Referring expression grounding data
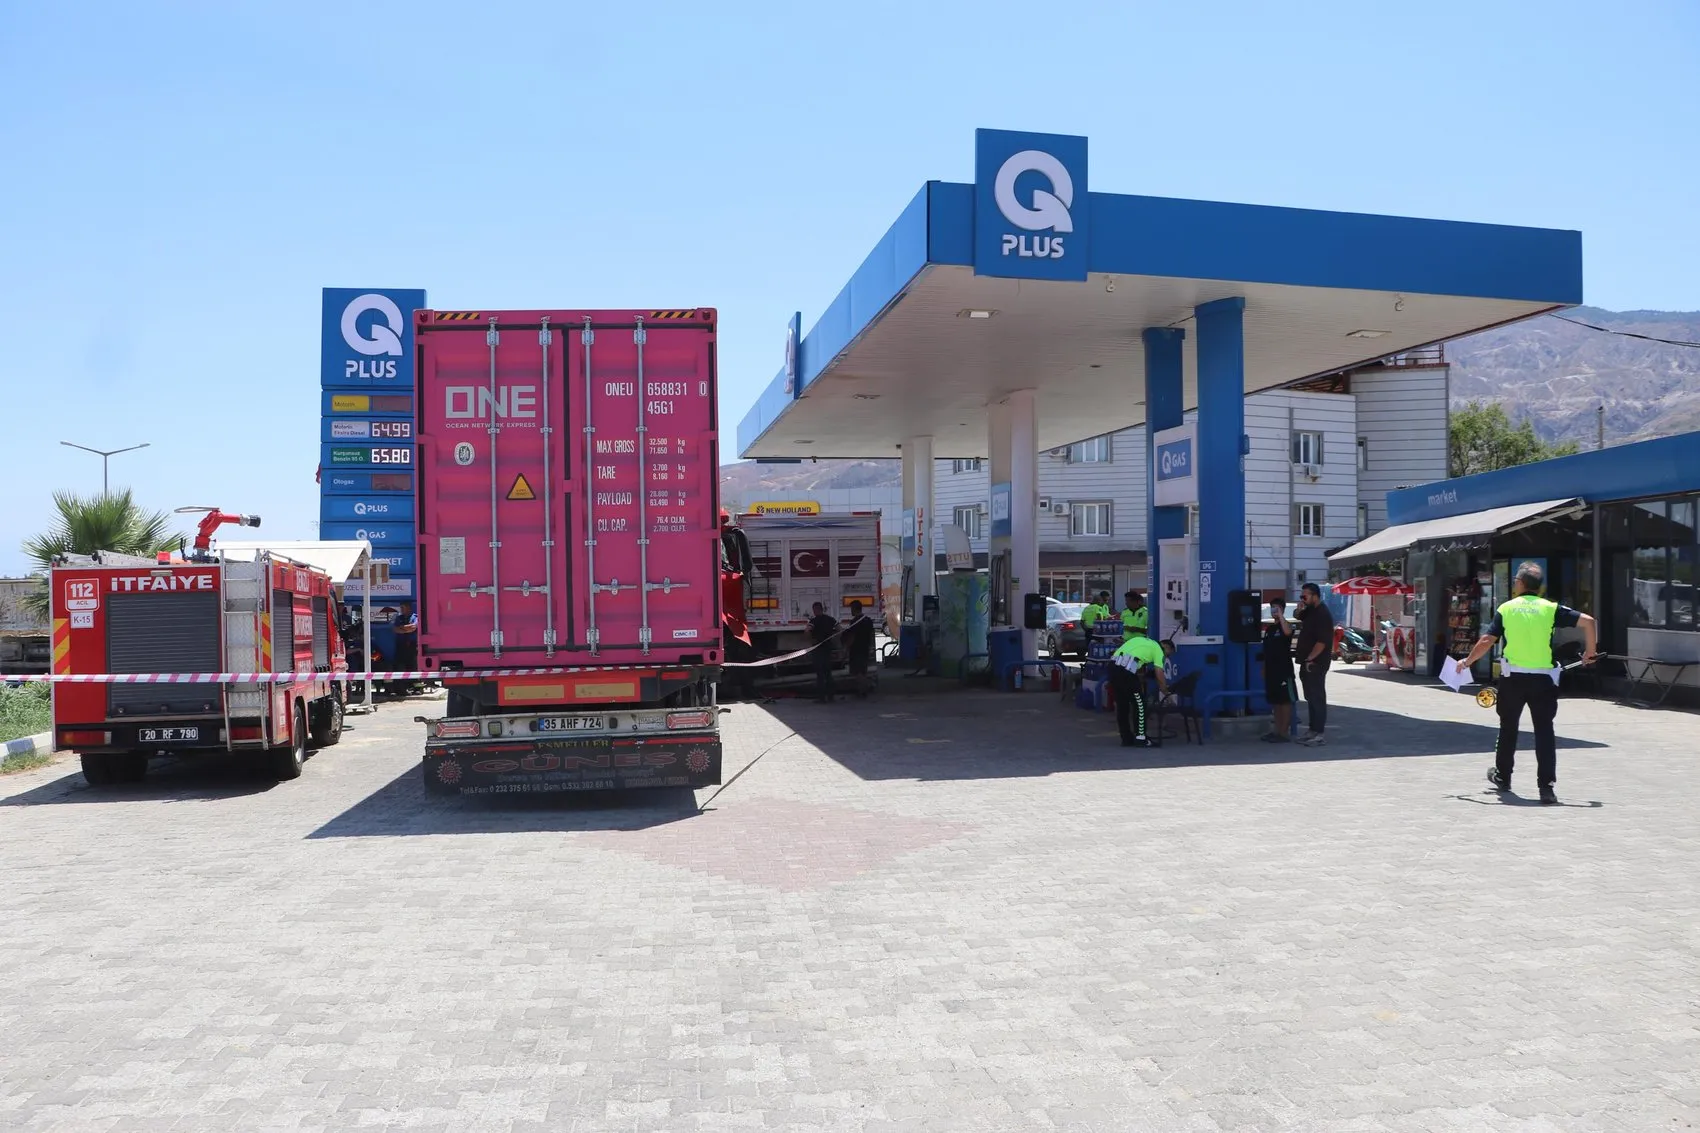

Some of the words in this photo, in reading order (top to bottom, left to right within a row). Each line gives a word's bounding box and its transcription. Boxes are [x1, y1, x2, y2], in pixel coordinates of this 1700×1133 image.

[994, 150, 1073, 232] Q
[1001, 233, 1065, 259] PLUS
[340, 293, 404, 356] Q
[345, 360, 397, 378] PLUS
[605, 382, 634, 396] ONEU
[647, 382, 688, 396] 658831
[445, 385, 536, 419] ONE
[647, 400, 674, 415] 45G1
[372, 422, 410, 437] 64.99
[596, 440, 613, 454] MAX
[614, 439, 635, 454] GROSS
[677, 437, 686, 447] kg
[371, 448, 410, 463] 65.80
[1172, 452, 1186, 467] GAS
[597, 465, 616, 480] TARE
[677, 463, 686, 473] kg
[597, 492, 632, 506] PAYLOAD
[1427, 488, 1458, 506] market
[367, 505, 388, 513] PLUS
[781, 506, 812, 514] HOLLAND
[597, 518, 610, 532] CU.
[611, 518, 628, 532] CAP.
[916, 507, 924, 557] UTTS
[369, 531, 386, 539] GAS
[70, 583, 94, 598] 112
[73, 615, 91, 624] K-15
[544, 718, 557, 730] 35
[560, 718, 580, 729] AHF
[582, 717, 602, 729] 724
[145, 730, 156, 740] 20
[162, 729, 174, 739] RF
[180, 729, 197, 739] 790
[470, 751, 677, 774] GÜNEŞ

» THE TASK:
Your answer should reproduce every line of the data verbatim and include no images.

» YOUR SOLUTION:
Some of the words in this photo, in reading order (top to bottom, left to right within a row). Each line gives a word's bounding box and its transcription. Boxes are [x1, y1, x2, y2], in pixel coordinates of this 1700×1133 image.

[994, 150, 1073, 232] Q
[1001, 233, 1065, 259] PLUS
[340, 293, 404, 356] Q
[345, 360, 397, 378] PLUS
[605, 382, 634, 396] ONEU
[647, 382, 688, 396] 658831
[445, 385, 536, 419] ONE
[647, 400, 674, 415] 45G1
[372, 422, 410, 437] 64.99
[596, 440, 613, 454] MAX
[614, 439, 635, 454] GROSS
[677, 437, 686, 447] kg
[371, 448, 410, 463] 65.80
[1172, 452, 1186, 467] GAS
[597, 465, 616, 480] TARE
[677, 463, 686, 473] kg
[597, 492, 632, 506] PAYLOAD
[1427, 488, 1458, 506] market
[367, 505, 388, 513] PLUS
[781, 506, 812, 514] HOLLAND
[597, 518, 610, 532] CU.
[611, 518, 628, 532] CAP.
[916, 507, 924, 557] UTTS
[369, 531, 386, 539] GAS
[70, 583, 94, 598] 112
[73, 615, 91, 624] K-15
[544, 718, 557, 730] 35
[560, 718, 580, 729] AHF
[582, 717, 602, 729] 724
[145, 730, 156, 740] 20
[162, 729, 174, 739] RF
[180, 729, 197, 739] 790
[470, 751, 677, 774] GÜNEŞ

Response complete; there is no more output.